When I asked the crucial question about teaching experience, I usually got something like "I did some studies in Dearborne classrooms while I was getting my doctorate."

One of the State Ed Department’s creations is the PAM test in mathematics.

I have written about the test in the past, but it is worth repeating to make the point that no reasonable person who actually works for a living would come up with a test such as this one.

Students are given several mathematical word problems to solve. That is OK, except for the fact that many of the kids cannot read the problems.

For example, a problem might entail figuring out a telephone bill, given a range of costs per minute and a series of calls and how many minutes each of the calls lasted.

That is fine. The test is a good, real-world test of math skill.

The problem comes in the marking. Each question is graded on a scale of from one (the lowest) to five (the highest) by utilizing a strict rubric that teachers must follow in grading the student.

A student who gets the answer right and who shows each step of how the answer was reached gets a five.
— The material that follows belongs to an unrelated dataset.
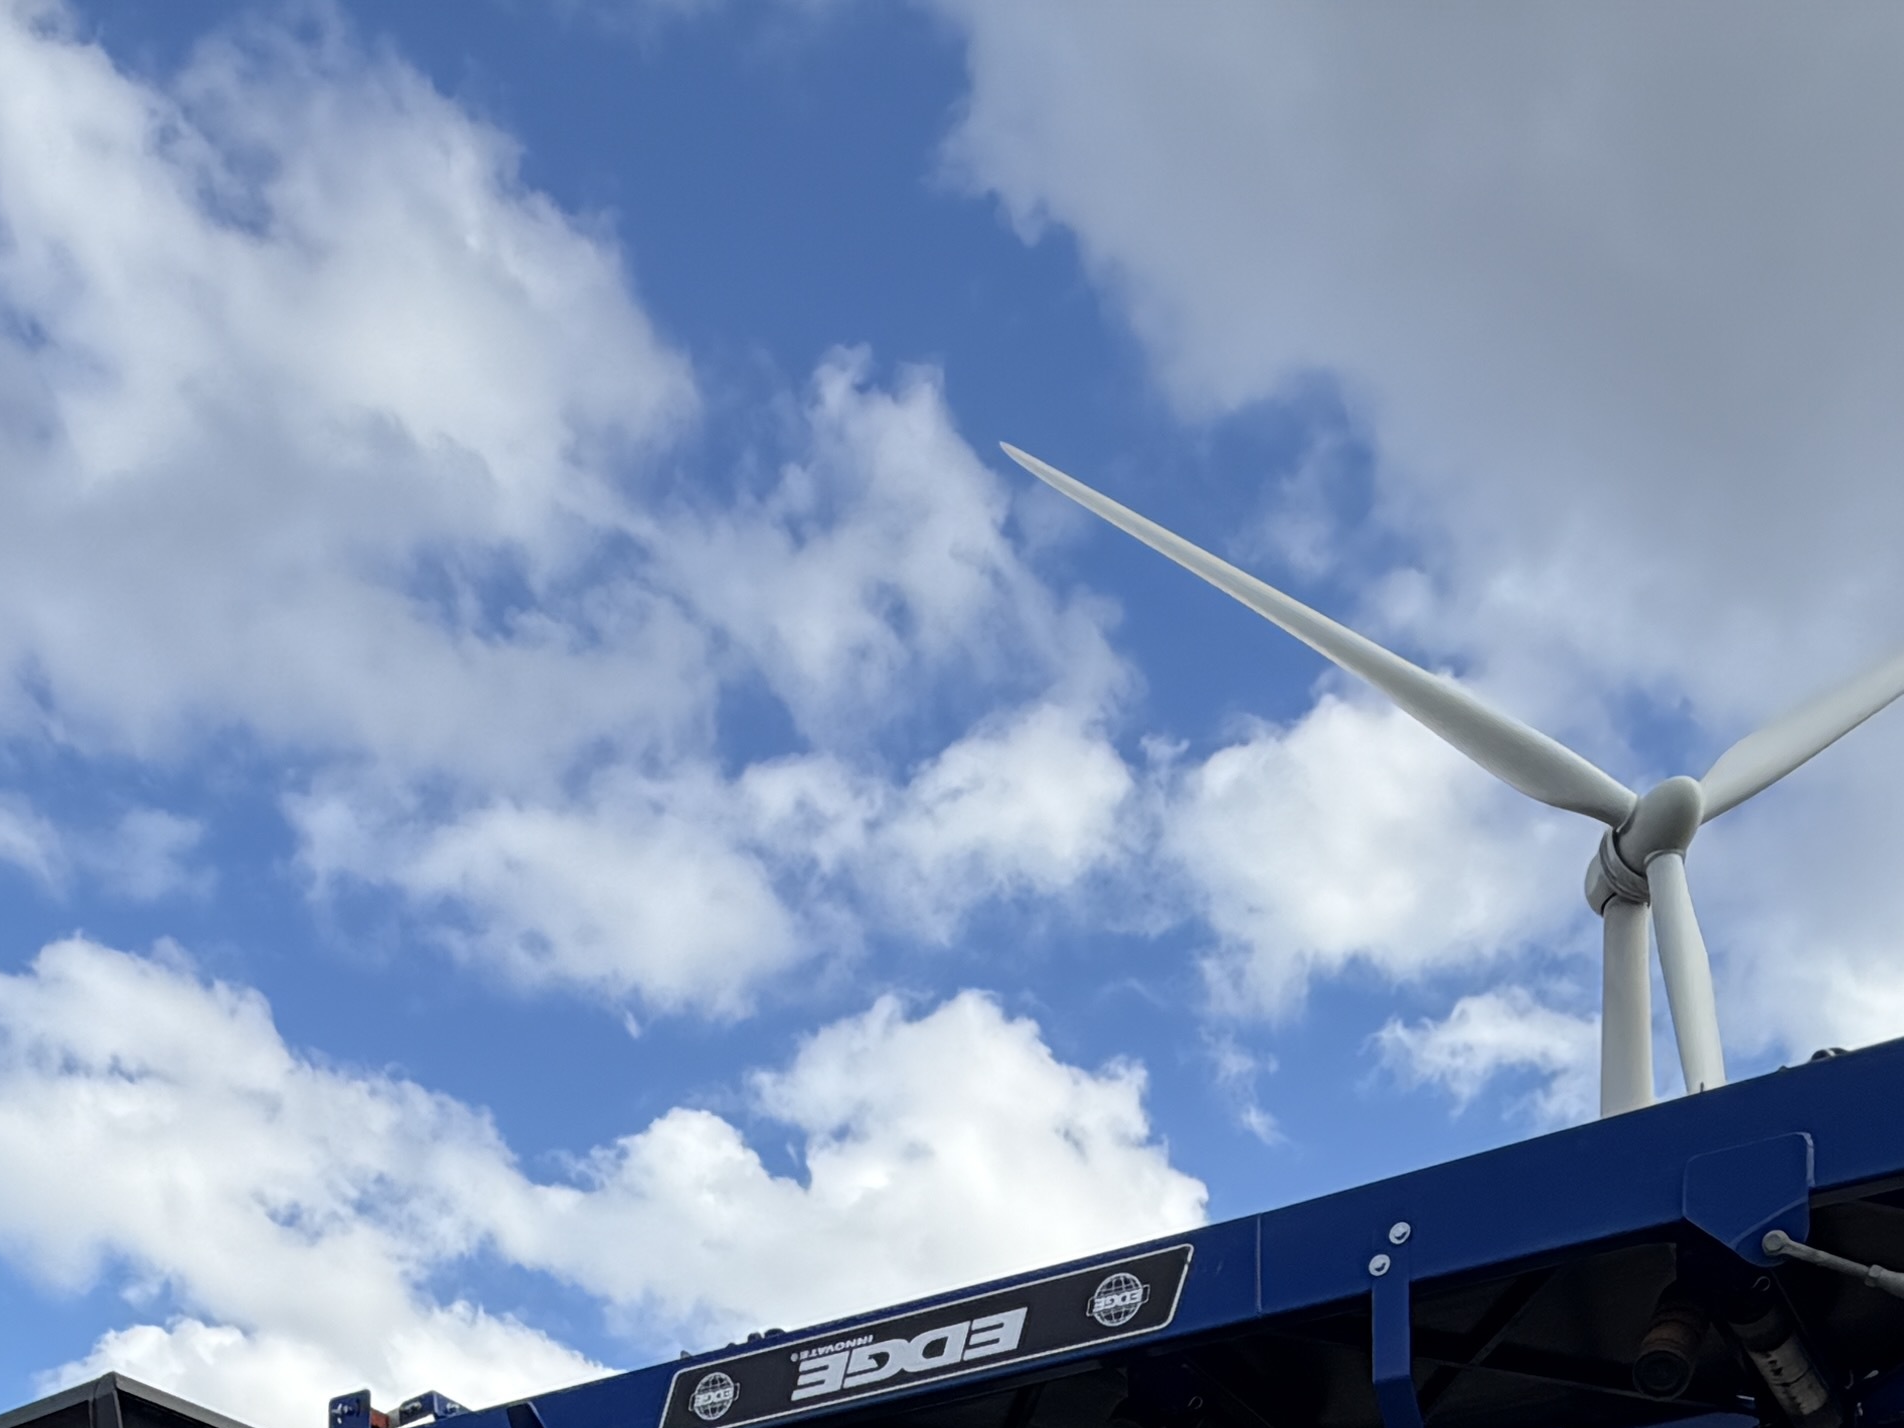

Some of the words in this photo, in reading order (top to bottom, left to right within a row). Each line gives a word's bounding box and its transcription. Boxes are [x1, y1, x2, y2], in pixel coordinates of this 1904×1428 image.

A student who gets the answer right but who does not show the work that it took to get the answer gets a two.

A student who gets the wrong answer but who shows the work that led to that wrong answer gets a four.

A student who draws a picture showing a person talking on the telephone would get a one, only one point less than a person who got the answer correct, but did not show his or her work.
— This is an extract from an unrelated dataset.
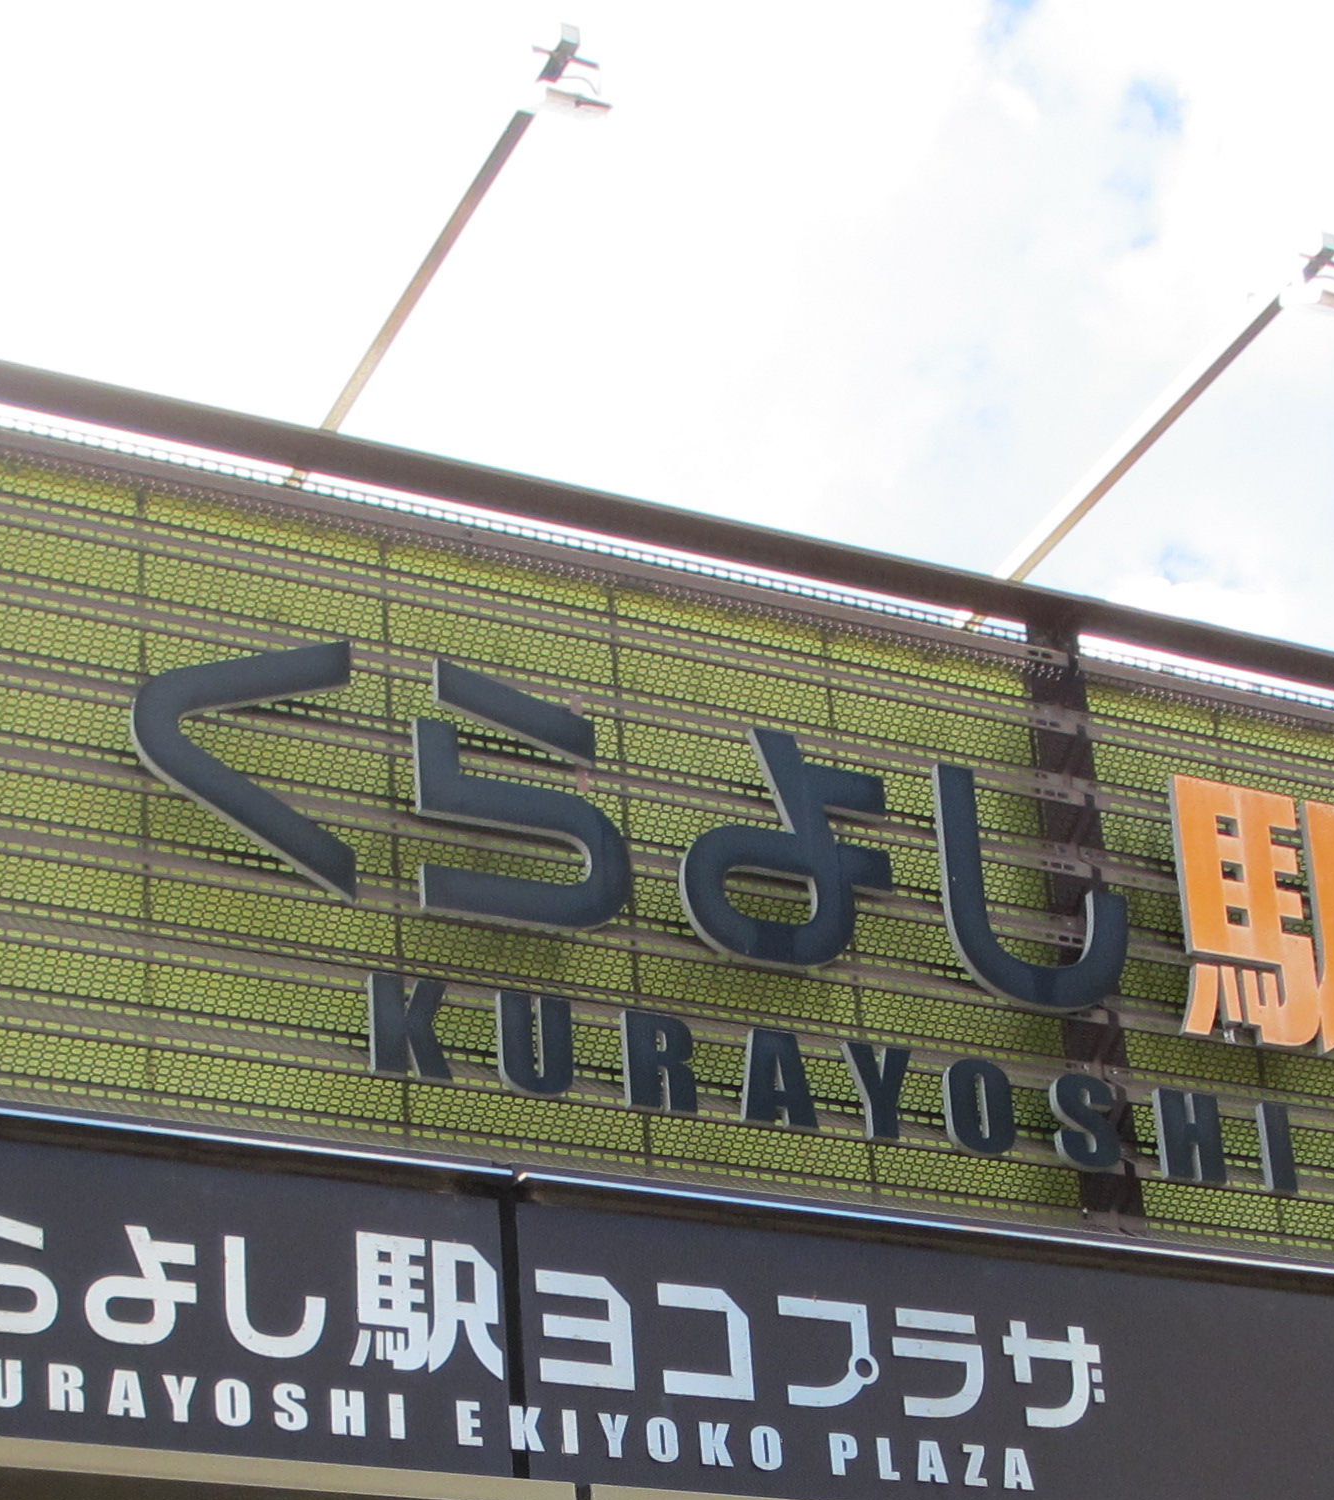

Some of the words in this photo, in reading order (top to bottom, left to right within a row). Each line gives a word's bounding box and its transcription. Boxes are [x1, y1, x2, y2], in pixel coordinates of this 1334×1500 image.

[365, 972, 1299, 1195] KURAYOSHI
[455, 1398, 784, 1474] EKIYOKO
[831, 1432, 1036, 1493] PLAZA
Show me, in the real world, a situation where a worker is rewarded for getting a project wrong while a person who got it right is punished.

I can see it now.

Sure, Mr. Jones. I know I got the contract all wrong, and you lost the job, but you can see where I made my mistake, so it doesn’t matter. When do I get my raise?

Only somebody isolated from the real world would tell kids that it is perfectly OK to get the answer wrong as long as they tried and they showed the work that made it wrong.

Likewise, only a person isolated from the real world would teach kids to write without teaching them to use the commonly accepted rules of grammar.

Sure, Mr. Jones, I know that the memo I wrote to that other corporation didn’t have any capital letters or any punctuation, but my ideas were good, and they should have understand what I was trying to say. When do I get my raise?

One teacher who read last week’s column took offense with the fact that I said that the writing process does not require the editing process.

She pointed out that all of the kid’s work was edited regularly in peer groups.

To my mind that is akin to asking a group of teachers to sit around and decide for themselves how to operate on the principal’s gall bladder. The teachers do not have the expertise to do the operation and the kids do not have the expertise to edit each other’s work. It is the blind leading the blind, and that is what peer editing really comes to.

It is time to end the fads and get on with real education.

In fact, it is past time.

The district can help by moving away from the Writing Process, by mandating that teachers pencil-edit student papers. The district can help by following the rules that require that a kid who does not test out of the bilingual program after two years be tested for special education. The district can help by mandating that elementary children learn the times-table and that kids be rewarded for getting the right answer whether they show their work or not. I am sure that there are plenty of fine mathematicians who can do work in their heads and they are not punished for not showing how they got their correct answer.

There are a lot of things that can be done on a local level. The only question is, will anybody have the chutzpah to buck the educational establishment and the special interest groups to do what needs to be done.

That is probably a question without an answer, but one that has to be asked anyway by any responsible educator.